To create a default instance of the test function:

```{code-cell} ipython3
my_testfun = uqtf.LinkletterSine()
```

Check if it has been correctly instantiated:

```{code-cell} ipython3
print(my_testfun)
```

## Description

The test function is defined as[^location]:

$$
\mathcal{M}(\boldsymbol{x}) = \sin{(x_1)} + \sin{(5 x_2)},
$$

where $\boldsymbol{x} = \left( x_1, \ldots x_{10} \right)$
is the ten-dimensional vector of input variables further defined below.
Notice that only two out of ten input variables are active.

```{note}
In the original paper, the function was added with an independent identically
distributed (i.i.d) noise from $\mathcal{N}(0, \sigma)$
with a standard deviation $\sigma = 0.05$.

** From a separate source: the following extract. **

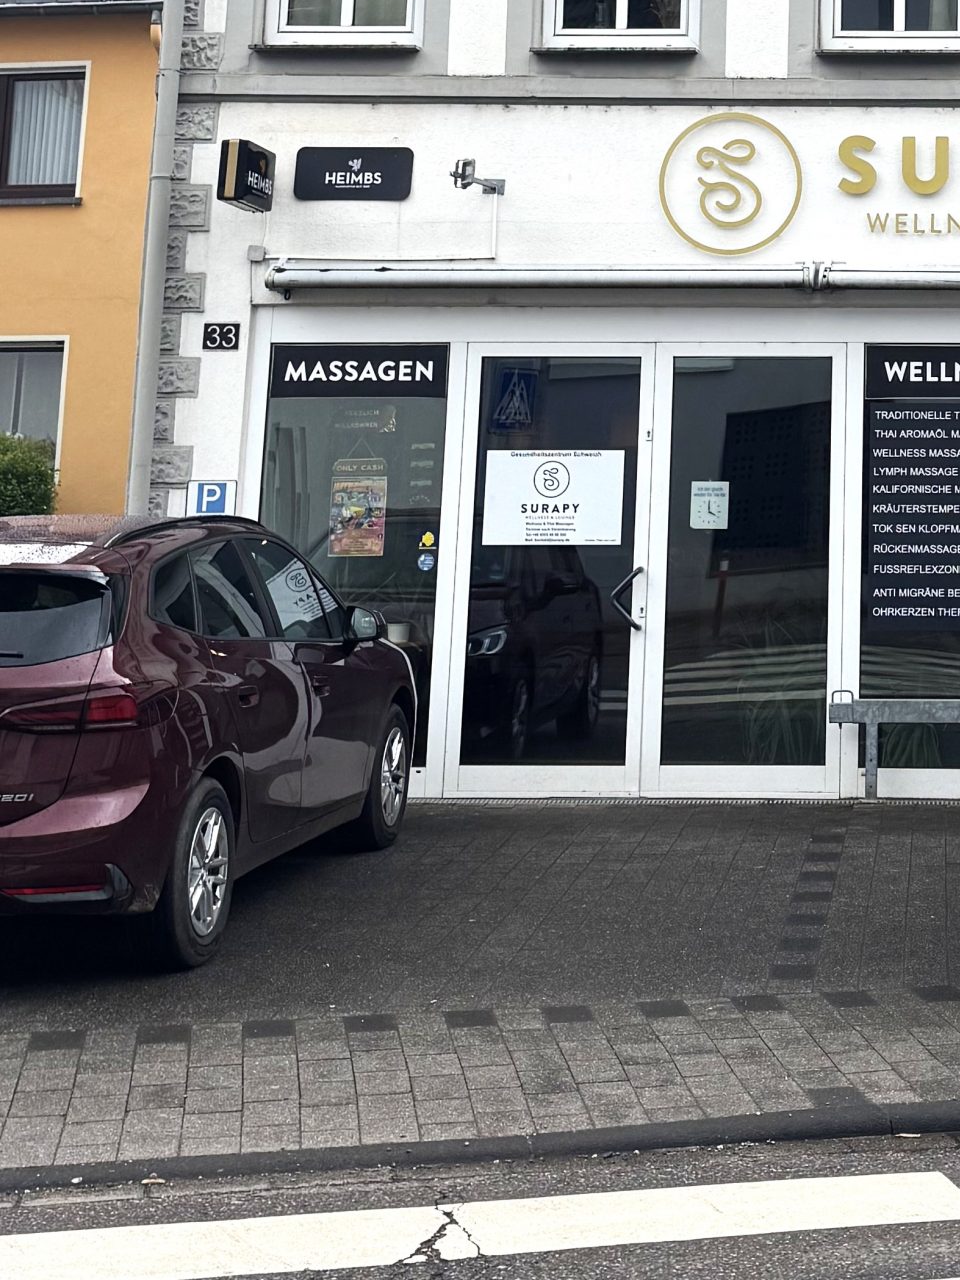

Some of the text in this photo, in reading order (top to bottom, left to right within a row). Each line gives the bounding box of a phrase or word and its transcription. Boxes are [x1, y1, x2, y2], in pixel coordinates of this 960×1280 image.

Furthermore, also in the original paper, a batch of data is generated from
the function and then standardized to have mean $0.0$ and standard deviation
$1.0$.

The implementation of UQTestFuns does not include any error addition
or standardization. However, these processes can be done manually
after the data is generated.
```

## Probabilistic input

The probabilistic input model for the test function is shown below.

```{code-cell} ipython3
:tags: [hide-input]

print(my_testfun.prob_input)
```

## Reference results

This section provides several reference results of typical UQ analyses involving
the test function.

### Sample histogram

Shown below is the histogram of the output based on $100'000$ random points:

```{code-cell} ipython3
:tags: [hide-input]

my_testfun.prob_input.reset_rng(42)
xx_test = my_testfun.prob_input.get_sample(100000)
yy_test = my_testfun(xx_test)

plt.hist(yy_test, bins="auto", color="#8da0cb");
plt.grid();
plt.ylabel("Counts [-]");
plt.xlabel("$\mathcal{M}(X)$");
plt.gcf().tight_layout(pad=3.0)
plt.gcf().set_dpi(150);
```

## References

```{bibliography}
:style: unsrtalpha
:filter: docname in docnames
```

[^location]: see Eq. (7), Example 3, in {cite}`Linkletter2006`.